The A&E Channel has a variety of programming that caters to a diverse viewership. The network is dependent upon ratings driven revenue. When an employee of a company makes statements that might dissuade customers from offering patronage, then *any* company –no matter how they generate earnings– is compelled to do what’s in the best interests of the stock holders. Certainly a significant portion of the A&E customer base/viewership who are of African origin, and/or homosexual.
I would venture to say that there is a probability that there are executives in the company that Mr. Robertson (“Duck Dynasty”) works for who are also either gay, or African Americans (who lived through the civil rights movement), and who were insulted by his remarks. If any employee, anywhere purposefully insults their employers, the repercussion is usually a suspension, or dismissal. I don’t imagine that anyone reading this who is under the employ of another has the ability to publicly denounce the source of their income.
There is also a distinct probability that Robertson violated the terms and conditions of his contract. When one has a high profile, public job, they are contractually bound to not embarrass the company they work for. As such, contracted media personalities are “employees at will”, and are subject to a professional code of conduct.

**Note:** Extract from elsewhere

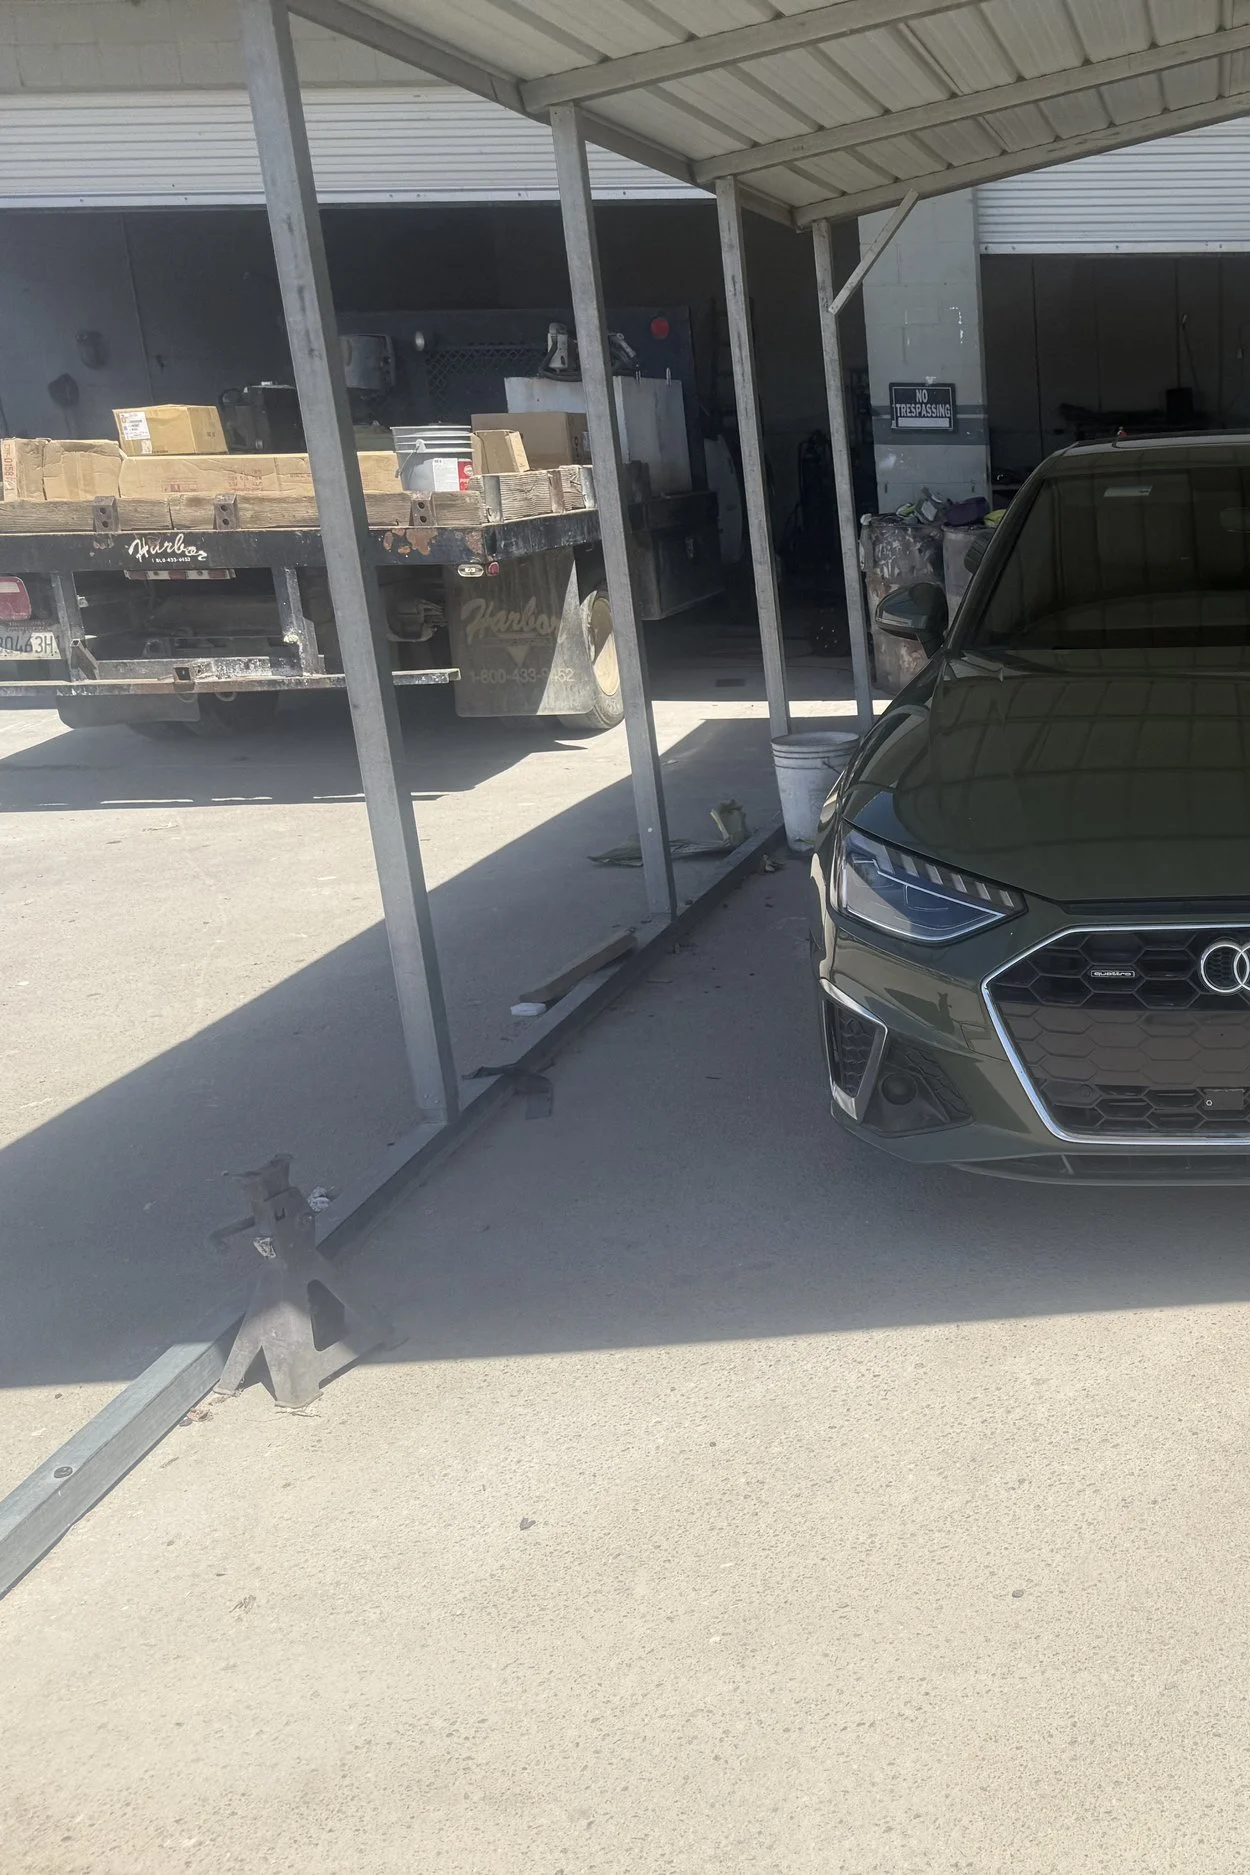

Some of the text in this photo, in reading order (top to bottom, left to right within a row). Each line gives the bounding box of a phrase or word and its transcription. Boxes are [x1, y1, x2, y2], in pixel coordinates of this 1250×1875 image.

[916, 389, 928, 402] NO
[895, 403, 951, 417] TRESPASSING
[460, 596, 568, 645] Harbor

Moreover, if a cashier at a supermarket purposefully insulted a group of customers, for whatever reason, there would be a reasonable expectation for said cashier to be let go. If a corporate executive violated company policy by making disparaging remarks about class, race or gender, they would at the very least be subjected to a human resources review. Why should this be any different?
To another point, Mr. Robertson’s was not hired by A&E to offer sociological perspectives. Nor do his bigoted statements about gays and blacks constitute a “differing opinion”. There is certainly a difference between saying that “homosexuality is against my religion”, and offering an unwarranted, ignorant commentary.
Also, while first amendment activists are concerned about protecting uncomfortable free speech, Phil Robertson’s remarks are not likened to Don Imus, who was hired for off-color humor and to give his opinion. One could make the argument –and I certainly did– that Imus’ firing was purely born of politically correctness, and propagated by a special interest/ third party. Robertson’s suspension is much more likely to be in the best interests of his employer. Indeed, Phil Robertson’s social commentary were purposefully made uninformed statements, and intended to solicit negative attention.
However many who are defending Mr. Robertson’s purposefully bigoted, overtly ignorant assertions as “free speech” are cowardly doing so under that guise so as to propagate their like-minded hatred of gays and minorities. It is merely a way to publicly support right wing, homophobic, racist predispositions and pretend that it’s Robertson who is being victimized, rather than the groups he is disparaging. Thankfully, most Americans know better.
For if one finds themselves earning a significant income in a high profile position, they can no longer hide behind religion, colloquial provincialism, being a “child of the sixties” or a bastardization of the first amendment and hope to escape societal constructs.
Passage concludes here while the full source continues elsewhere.